Task -> Could you reproduce every entry as it stands, leaving the pictures behind?

Records from a collection:
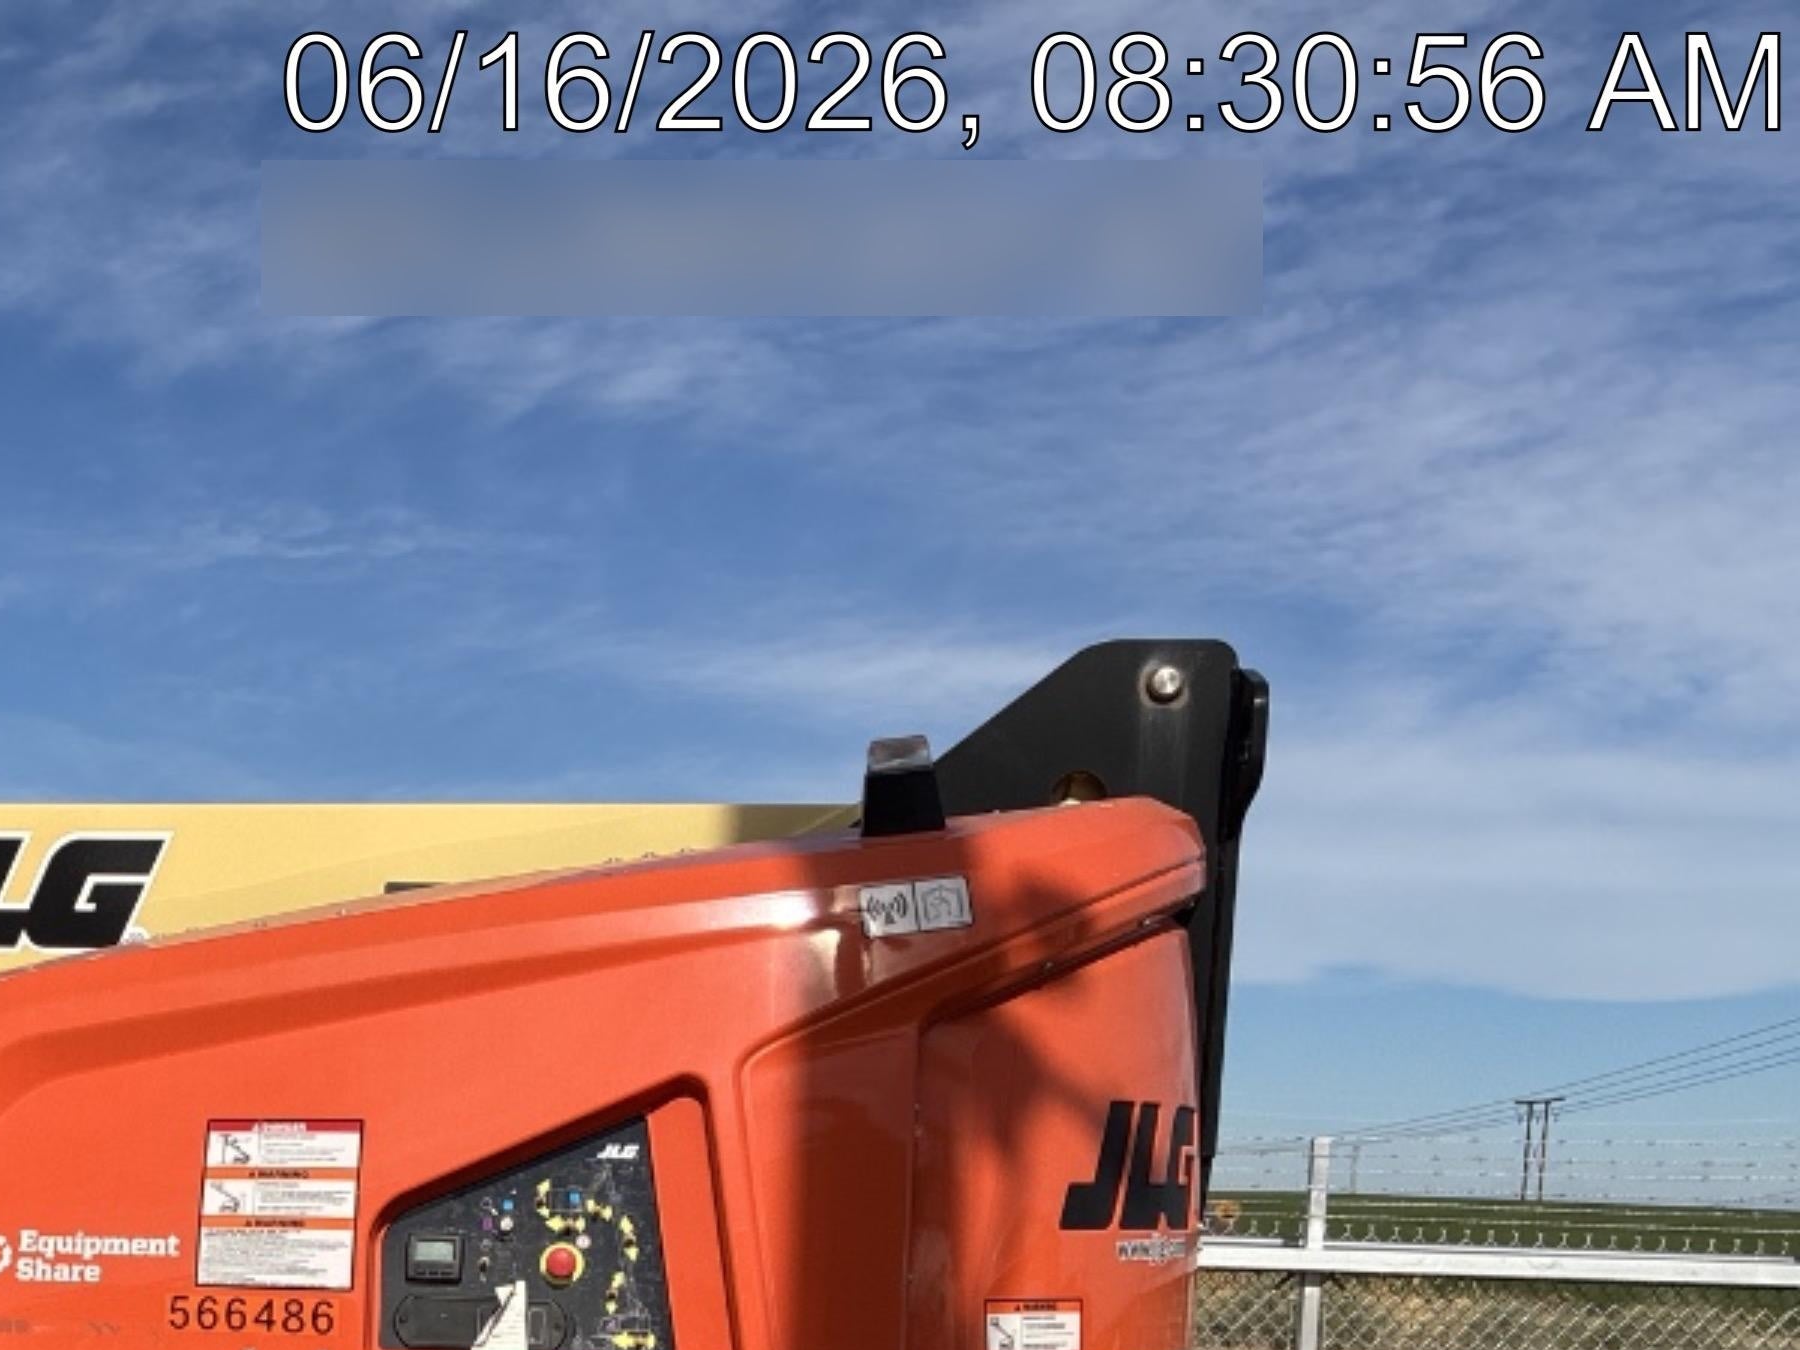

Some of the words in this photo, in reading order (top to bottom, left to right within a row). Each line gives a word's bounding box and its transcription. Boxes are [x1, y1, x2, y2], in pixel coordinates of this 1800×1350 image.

[595, 1143, 640, 1160] JLG
[1058, 1099, 1197, 1231] JLG
[18, 1228, 181, 1260] Equipment
[14, 1256, 102, 1283] Share
[168, 1295, 336, 1336] 566486
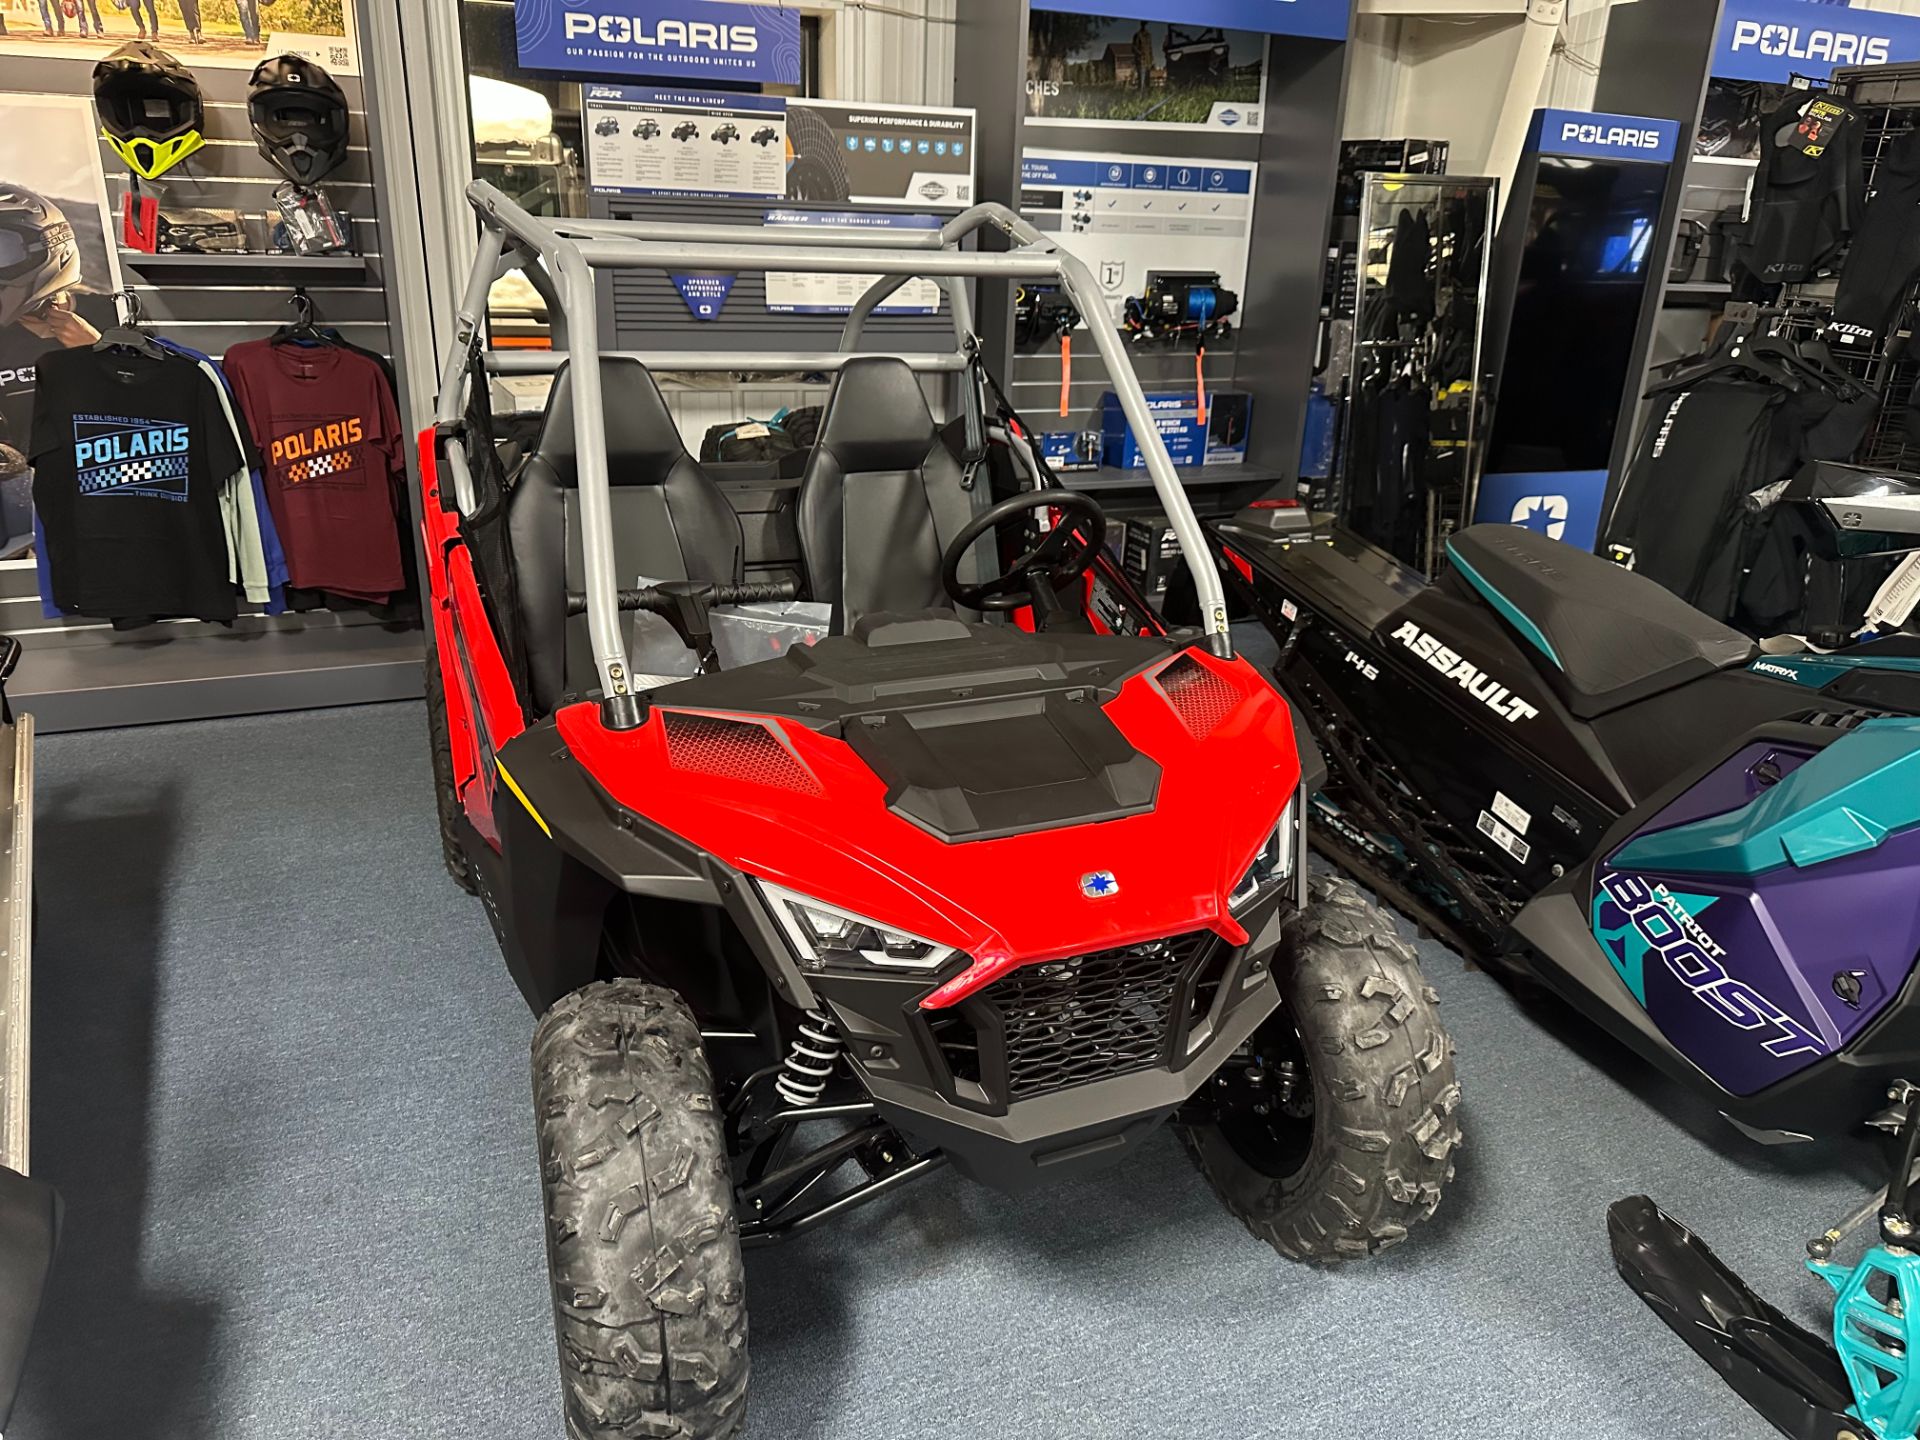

Task result ->
Some of the words in this photo, in reading order (top to bottom, left to right within a row). Each line gives a word's bounding box and its transcription. Boxes are [x1, y1, x2, y2], in pixel coordinates of this 1800×1350 image.

[595, 1143, 640, 1160] JLG
[1058, 1099, 1197, 1231] JLG
[18, 1228, 181, 1260] Equipment
[14, 1256, 102, 1283] Share
[168, 1295, 336, 1336] 566486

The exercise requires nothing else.